I thought you might like to read a portion of Kat's flashback from August, 1988, when she and Michelle go to church camp for the first time:
After the showers, we apply about three layers more makeup than one should really need during a camping expedition. The sun is now fully awake and the other girls in the cabin are starting to scurry about, some shrieking as the cold shower water pierces their skin, others complaining that their clothes are damp. One girl is so sunburned she looks like an angry lobster with a shock of nearly white blonde hair tufting off her bright pink scalp. But Michelle and I are smug, already dressed and busy outlining our plan for circumventing any more group activities.
Our first tactic is vowing to be sickeningly sweet and congenial so as to increase our chances of being allowed to stay together. We know if the staff detects any sign of hostility toward the camp, they will split us up faster than an Indy car can turn a lap at the Speedway. We fully recognize that our sarcastic tongues render this task nearly impossible, but the rest of our plan relies on us being able to execute this step of Operation Non-Participation flawlessly.
Secondly, we determine that some stuff will require a basic disappearance maneuver. “They can’t possibly count every single one of us all the time. In the bigger group activities, we’ll simply vanish,” Michelle suggests.

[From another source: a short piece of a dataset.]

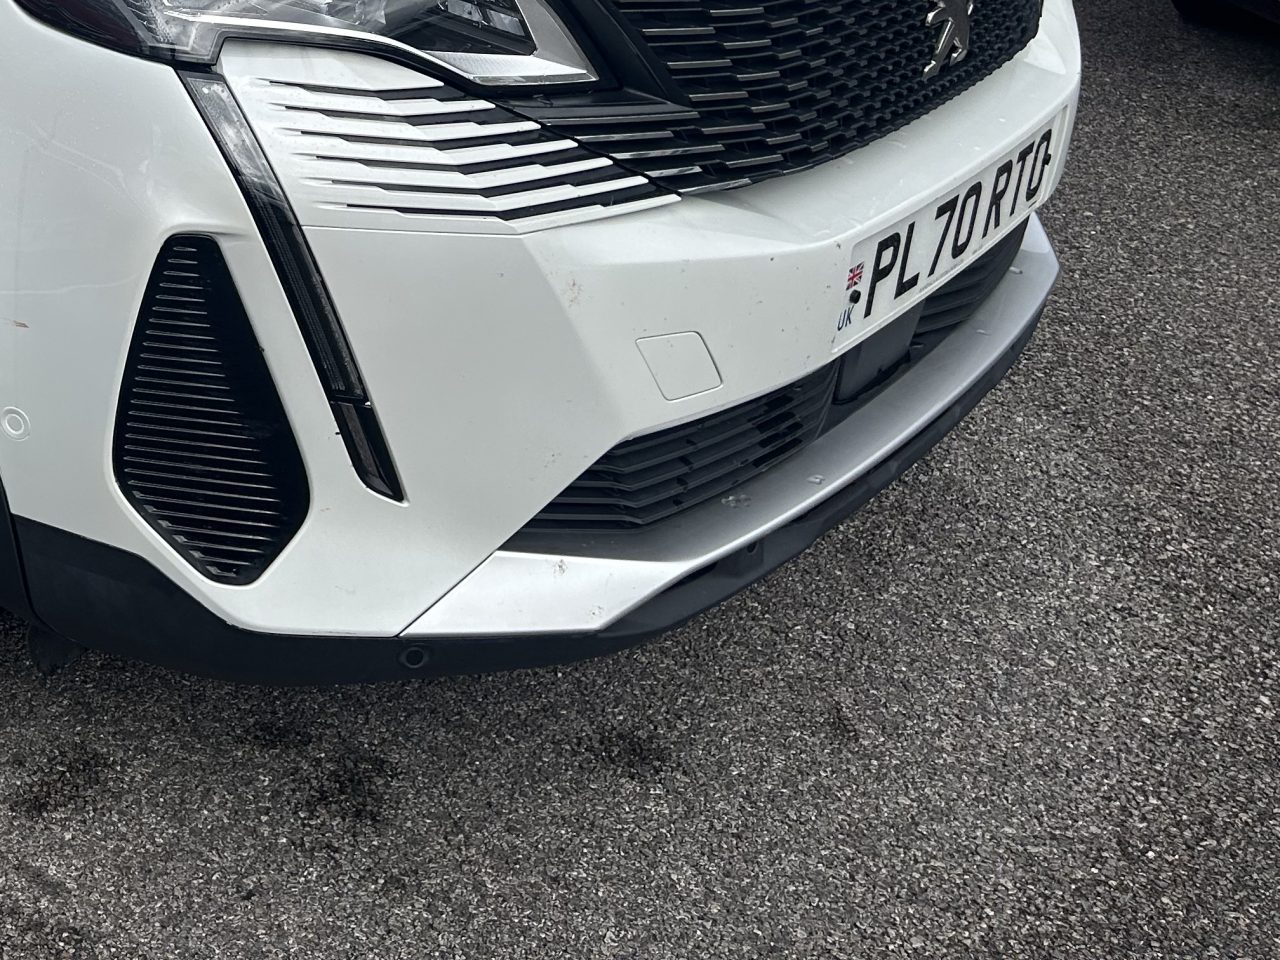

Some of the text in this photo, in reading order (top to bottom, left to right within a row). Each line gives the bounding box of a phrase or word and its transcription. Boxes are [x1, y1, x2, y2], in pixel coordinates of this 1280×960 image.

[863, 128, 1053, 319] PL70 RTO
[837, 305, 855, 332] UK
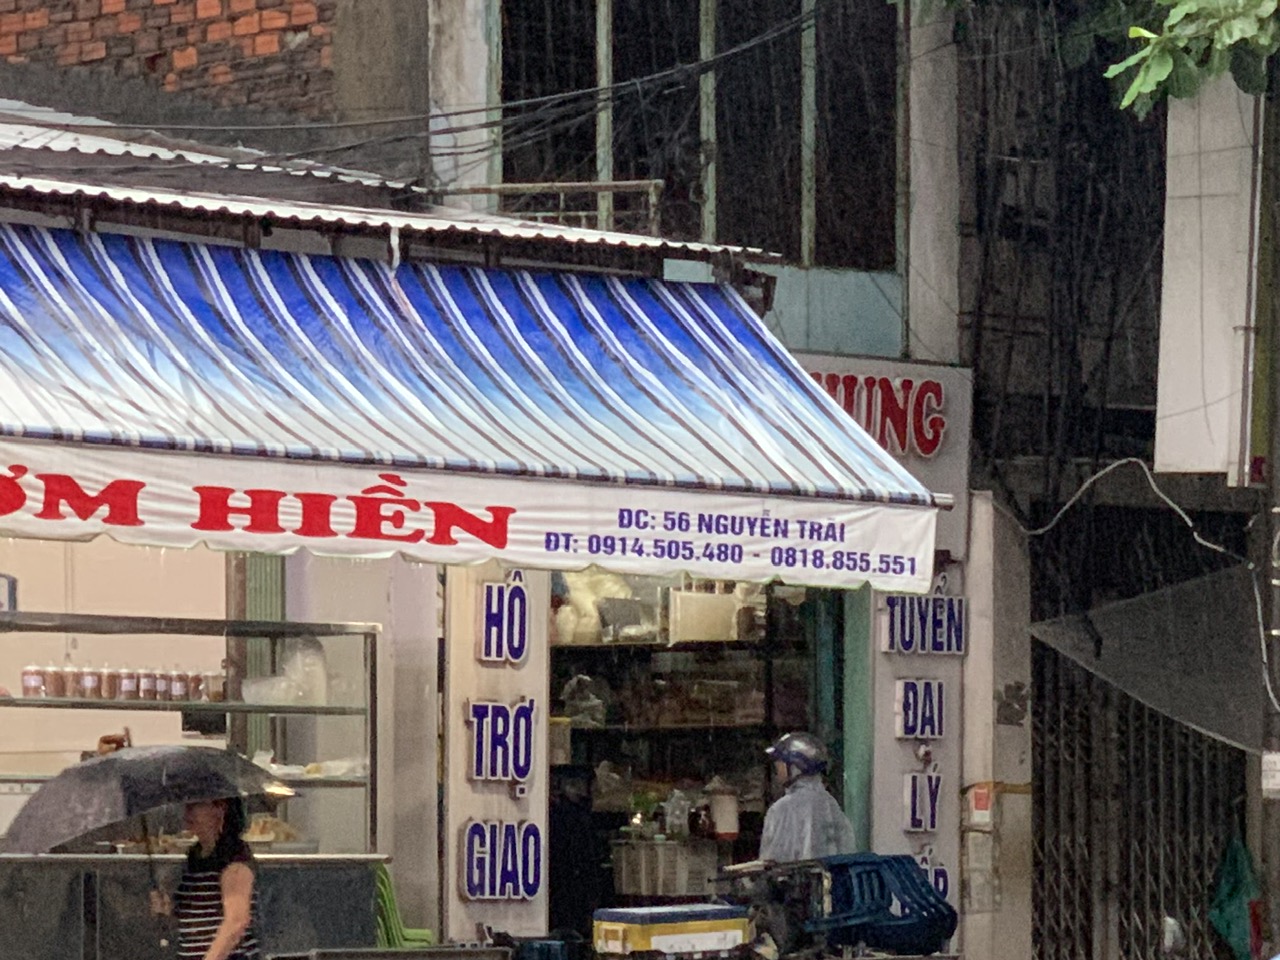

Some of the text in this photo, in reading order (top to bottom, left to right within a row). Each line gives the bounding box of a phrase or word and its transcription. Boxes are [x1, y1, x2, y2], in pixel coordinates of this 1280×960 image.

“They’ll never notice," I add.
“Now, for the the smaller things, craft time and the discipleship groups, we’re gonna have to suck that up,” she says. I nod. “It’s the physical stuff we want to avoid. So here’s the deal and part three of our plan: It’s not that we don’t WANT to participate, it’s just that we CAN’T.”
“Oh, of course,” I agree. “We’d be perfectly happy to run around those bases with our legs tied together inside a burlap sack like total idiots, but we’re just unable to make that happen at this juncture.” I sound like a politician.
“I twisted my ankle during Capture the Flag,” Michelle explains, mustering up a disappointed tone and reaching down to rub the side of her leg as if she’s in agonizing pain for effect.
“Yeah, and I have cramps,” I say bluntly. I don’t mind leveraging my double x chromosome and playing the “period card.” Few counselors are going to argue with that, and especially not male ones.
“Excellent!” Michelle grins and links pinkies with me. “United, sister!!!” she decrees and we head up the hill to the mess hall to see if there’s anything edible for breakfast.